We then travelled up the skeleton coast for mile upon mile of empty desert littered with the remains of old ships, a certain death sentence to anyone who’s ship ran a ground here. After seeing only 2 cars all afternoon we turned inland on a 4x4 track of landrover punishing terrain of rocks and bumps and we headed onto Brandberg. The terrain gradually got greener and more mountainous. The drive around Brandberg nature reserve was beautiful. First wildlife spots were a big herd of springbok, and Ostrich, the Ostrich had a baby which was very sweet. Stayed at a camp which was ‘home of the desert elephant’, we saw lots of elephant poo around the campsite but no elephants unfortunately.
Next day we headed to Palmwag a nature conservation area in the heart of Damaraland. Slight mishap with navigation along the way, we went off road for about 15km, saw the main road on the way back did not think there were many cars oops! Advantages were though first of all we did not get stuck and there were no punctures, but we also went
through a small African village and cattle farm. The village consisted of corrugated and wooden huts, all with satellite dishes! Lots of children on the road waving as passed, all bare foot, very excited to see us, (maybe that should have been a sign that we were not on the right track)
The journey to Palmwag was rough going and took 6 hours; we stopped at the organ pipes on the way which are tall angular columns of dolomite. That was not the main attraction though the attraction was the drive, passing horse and carts, donkeys blocking the road, whilst driving through an amazing landscape, unfortunately the pictures do not do it justice but Louise and I agree that in all our travels we have never seen a landscape as spectacular as Damaraland
After camping at a lovely spot by a dry river bed we continued through the heart of Damaraland heading further north to the little visited region of the Kaokoveld and the home of the indigenous tribes who still live traditional lives.
The drive through Northern Damaraland was awesome if a little slow going, miles of open savannah and mountains, we saw a lot more
game as well including zebra, giraffe, Oryx, kudu and plenty of other antelope. The landscape got drier and drier as we headed into the Kaokoveld and the roads got rougher and rougher this really was the rural area of Namibia that the rest of the country seems to have forgotten about.

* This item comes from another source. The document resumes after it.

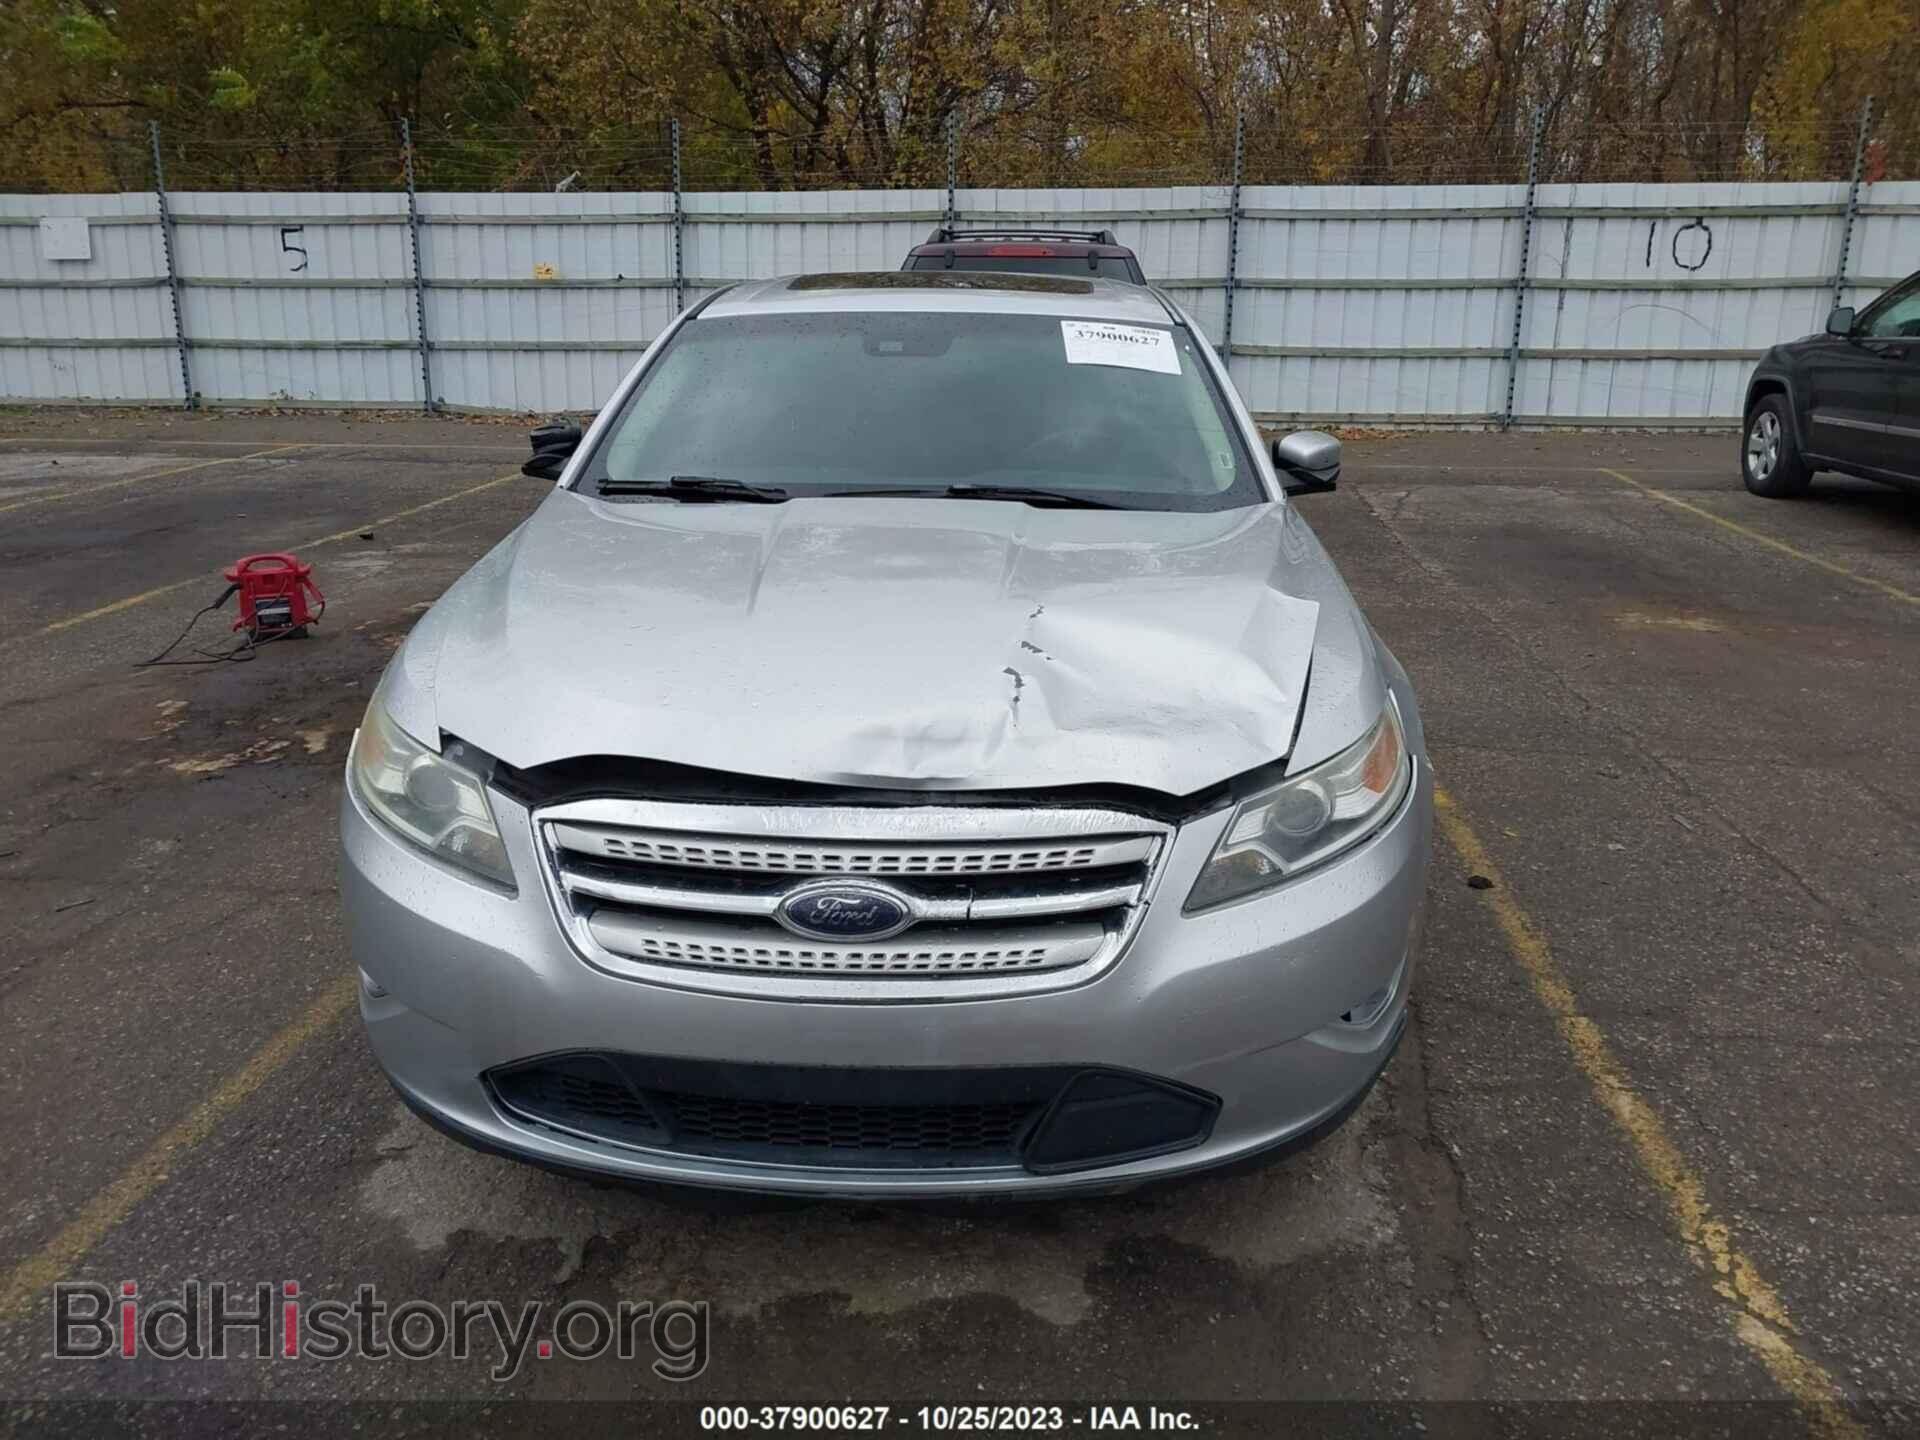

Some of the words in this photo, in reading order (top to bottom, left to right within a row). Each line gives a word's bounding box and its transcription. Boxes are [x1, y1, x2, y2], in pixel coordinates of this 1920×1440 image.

[280, 225, 308, 272] 5
[1645, 220, 1712, 272] 10
[1074, 329, 1160, 347] 37900627
[809, 896, 878, 926] Ford

The poverty is quite hard hitting with one boy flagging us down with an empty water bottle asking for us to fill it up. Other children just ask for food, or pens or clothes, it’s a different world and hard for you to see as you cannot give to everyone although we stocked up on pens as it’s hard to say no to the children
After a 5 hour stint in the car we hit the “town” of Sesfontein, which we pretty much drove through without realising. It’s the only town in the area and consists of a camp site, a petrol pump, a village store with little in it and a few buildings. We filled up the tanks (the second fuel tank comes in handy out here) and chatted to a local guy in the campsite about visiting the local Himba villages. He directed us out of
town to a village even further north (down another bone shaking road) to a local settlement which will allow white people to visit, and advised us that we should take some provisions for them.

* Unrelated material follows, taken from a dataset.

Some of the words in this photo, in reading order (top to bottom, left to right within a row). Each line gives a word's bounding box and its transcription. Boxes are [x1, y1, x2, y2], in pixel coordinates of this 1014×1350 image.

We found the Villages (ten huts and a large pen for keeping the animals safe at night) at the side of a dusty road, and approached timidly, fortunately there was a guy from the local village who spoke basic English who would act at translator (for a small fee of course) There was just women and small children there as the men were out with the goats, although some larger boys turned up on donkeys strapped with water buckets (the nearest well is 5 kilometres away). The same way they have lived for thousands of years. The himba culture is renowned for its jewellery and intricate hair styles which is a central part of their culture, with each hair style and jewellery indicating different status within the tribe, such as married, single, boy, girl, or adult. The himba also cover their skin with red clay which is quite striking, they also use the clay to style their hair.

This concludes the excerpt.